I have spent considerable time in the last two weeks reading Delrahim’s comments and writings on anti-competition law.  I think the odds are better than even that Delrahim will end the songwriter consent decrees.  I say this because he has long held views against the “regulatory” consent decree approach and prefers “structural remedies” to anticompetitive practices. Second Delrahim specifically cited the ASCAP consent decree as an example of “bad” anti-competition regulation and noted how much the music licensing landscape has changed.  Third, Delrahim seems to have quietly let the 100% licensing requirement for PROs die. Finally, my understanding is he could end the consent decrees with a stroke of his pen.   Odds look good, but I could be wrong.

How badly do the Consent Decrees Distort Income? 

Your average workaday songwriter is usually unaware that these consent decrees negatively impact the rates for public performance royalties (BMI and ASCAP royalties).  The royalty rates imposed by the consent decrees push down royalties across the board.  The ultimate absurdity is the resultant performance rates we songwriters receive from YouTube.

As an example, second quarter June 2017 my 40% ownership in the song “Low” earned me performance royalties of  $30.78 cents for 589,553 YouTube streams.  For a 4:36 second song that is over 5 years of music.  So if you listened to music for 5 years straight 24 hours a day on YouTube the performance royalty to all songwriters would be $76.95.  Since no one listens to music 24 hours a day this is clearly decades of music.

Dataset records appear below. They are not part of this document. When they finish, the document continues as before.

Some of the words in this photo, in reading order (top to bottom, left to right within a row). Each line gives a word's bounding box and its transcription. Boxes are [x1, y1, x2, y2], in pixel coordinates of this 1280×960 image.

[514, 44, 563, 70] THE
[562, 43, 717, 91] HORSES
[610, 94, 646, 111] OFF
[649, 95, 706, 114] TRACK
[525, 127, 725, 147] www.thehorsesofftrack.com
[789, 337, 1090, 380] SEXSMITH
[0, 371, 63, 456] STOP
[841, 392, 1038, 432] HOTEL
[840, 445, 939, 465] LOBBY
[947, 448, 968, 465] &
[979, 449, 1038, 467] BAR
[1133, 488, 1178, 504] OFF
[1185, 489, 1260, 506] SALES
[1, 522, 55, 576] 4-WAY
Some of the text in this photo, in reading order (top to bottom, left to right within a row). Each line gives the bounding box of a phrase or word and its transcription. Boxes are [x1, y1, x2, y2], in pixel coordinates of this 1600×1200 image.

YouTube is able to exact this usurious royalty rate, because they can simply threaten to not pay it and tie songwriters up (no pay) for years in the DOJ “consent decree” regulatory process. This is essentially what Pandora did a number of years ago.  Surprise surprise, this tends to depress the market value of songs.

What happens without the Consent Decrees?

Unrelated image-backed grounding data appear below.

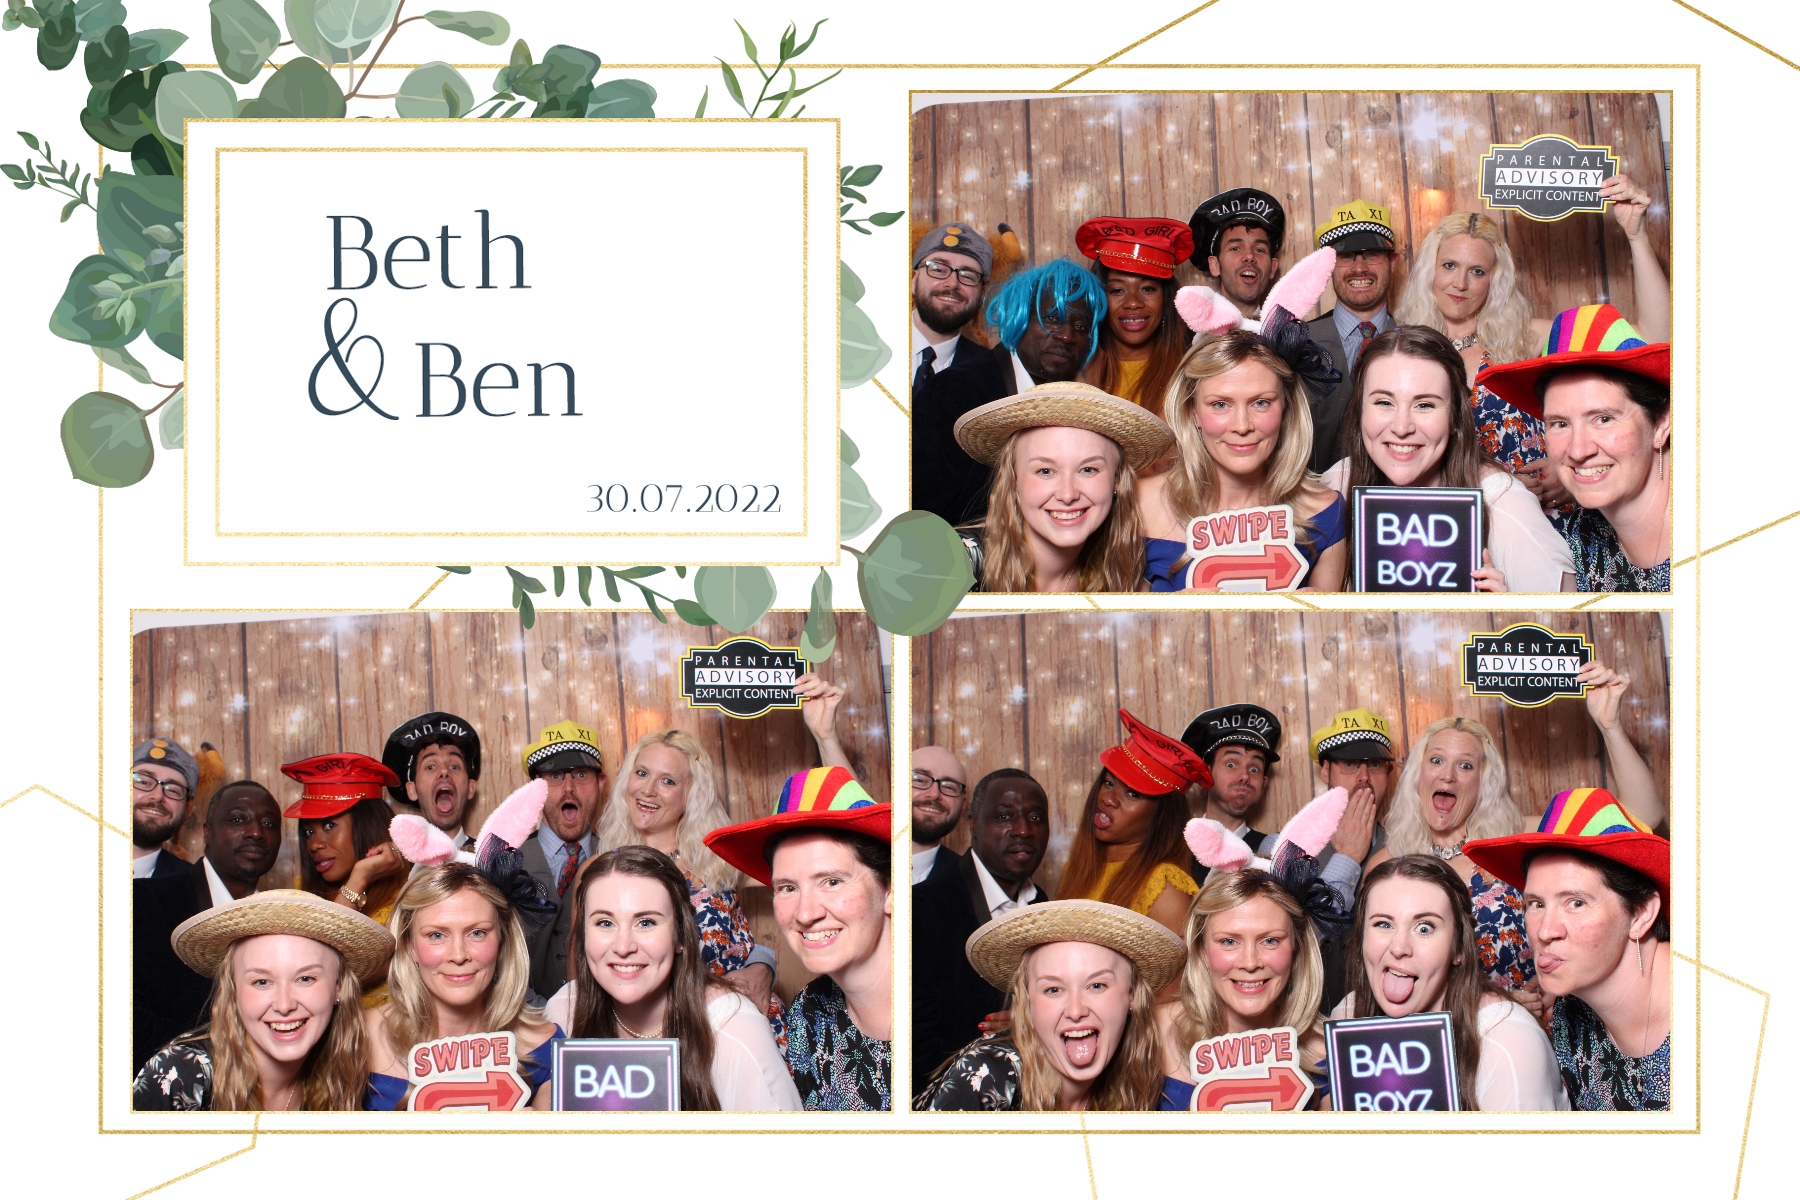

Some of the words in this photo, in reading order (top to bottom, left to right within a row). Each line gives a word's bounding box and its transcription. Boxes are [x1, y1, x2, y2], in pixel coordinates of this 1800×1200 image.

[1496, 155, 1604, 167] PARENTAL
[1495, 170, 1603, 185] ADVISORY
[1495, 189, 1544, 200] EXPLICIT
[1545, 190, 1600, 202] CONTENT
[1247, 197, 1274, 217] BOY
[1144, 225, 1176, 240] GIRL
[1192, 510, 1289, 551] SWIPE
[1376, 512, 1459, 547] BAD
[1377, 560, 1458, 588] BOYZ
[1477, 642, 1580, 654] PARENTAL
[695, 655, 795, 667] PARENTAL
[1477, 657, 1580, 671] ADVISORY
[695, 670, 796, 684] ADVISORY
[1478, 675, 1526, 687] EXPLICIT
[1527, 676, 1579, 688] CONTENT
[695, 688, 742, 699] EXPLICIT
[743, 688, 795, 699] CONTENT
[440, 721, 468, 737] BOY
[1247, 713, 1274, 734] BOY
[414, 1036, 511, 1077] SWIPE
[1195, 1031, 1293, 1075] SWIPE
[1349, 1040, 1432, 1078] BAD
[574, 1064, 656, 1098] BAD
[1354, 1088, 1435, 1111] BOYZ

It is not entirely predictable.  But if you look at the current rates imposed by BMI/ASCAP antitrust rate courts for digital services it is hard to imagine that they would stay this low.  The current system effectively acts as a cap on songwriter pay.  More importantly without the consent decrees BMI and ASCAP would be allowed to  offer additional services.  For instance they could offer not just performance licenses but also “streaming mechanical” licenses. Right now they can not.  While independent songwriters and publishers have had no problem getting paid their performance royalties from streaming services via BMI and ASCAP virtually every independent has had problems collecting the streaming mechanical.  (Hence the class action lawsuits.)

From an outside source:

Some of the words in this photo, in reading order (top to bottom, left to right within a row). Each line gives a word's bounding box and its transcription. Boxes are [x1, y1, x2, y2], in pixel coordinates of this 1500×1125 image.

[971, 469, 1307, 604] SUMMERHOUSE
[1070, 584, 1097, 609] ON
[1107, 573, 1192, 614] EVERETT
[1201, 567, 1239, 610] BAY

SESAC, the one songwriter PRO not subject to the consent decrees, is able to offer streaming mechanical licenses as well, via its subsidiary HFA.   While HFA has had its share of problems, this approach ultimately could be a much more efficient solution for digital services as well as songwriters.

Is Ending the Consent Decrees for Songwriter Organizations a Radical Proposal?

No. Nothing like the consent decrees for songwriters exist in the rest of the world. In fact the opposite is the norm. Generally songwriters are usually granted exceptions from anti-competition laws.  Many countries allow for performing rights organizations to license streaming mechanicals thus making licensing easier for digital services, songwriters and publishers alike.  Here in the US the Nashville Songwriters Association International and PROs themselves have argued for ending or at least modifying the consent decrees in the manner described.

From the US Copyright Office Music Licensing Report (2015):

There appears to be broad agreement among stakeholders that PROs and other licensing entities should be able to bundle performance rights with reproduction and distribution rights, and potentially other rights, to meet the needs of modern music services. NSAI, for example, opined that “[t]he most efficient path to digital service providers obtaining necessary licenses would be to allow the PRO’s to license and collect mechanical royalties.”

And in 2014 comment to the Copyright Office Spotify itself entertained the idea of PROs issuing mechanical licenses:

“A licensing regime in which public performance rights and mechanical reproduction rights could be obtained from a single source or pursuant to a single license is an interesting idea and could in theory lead to efficiencies.”

James Duffet-Smith Spotify’s then head of licensing ultimately failed to endorse the concept, but clearly his musings indicate it was not “off the table.”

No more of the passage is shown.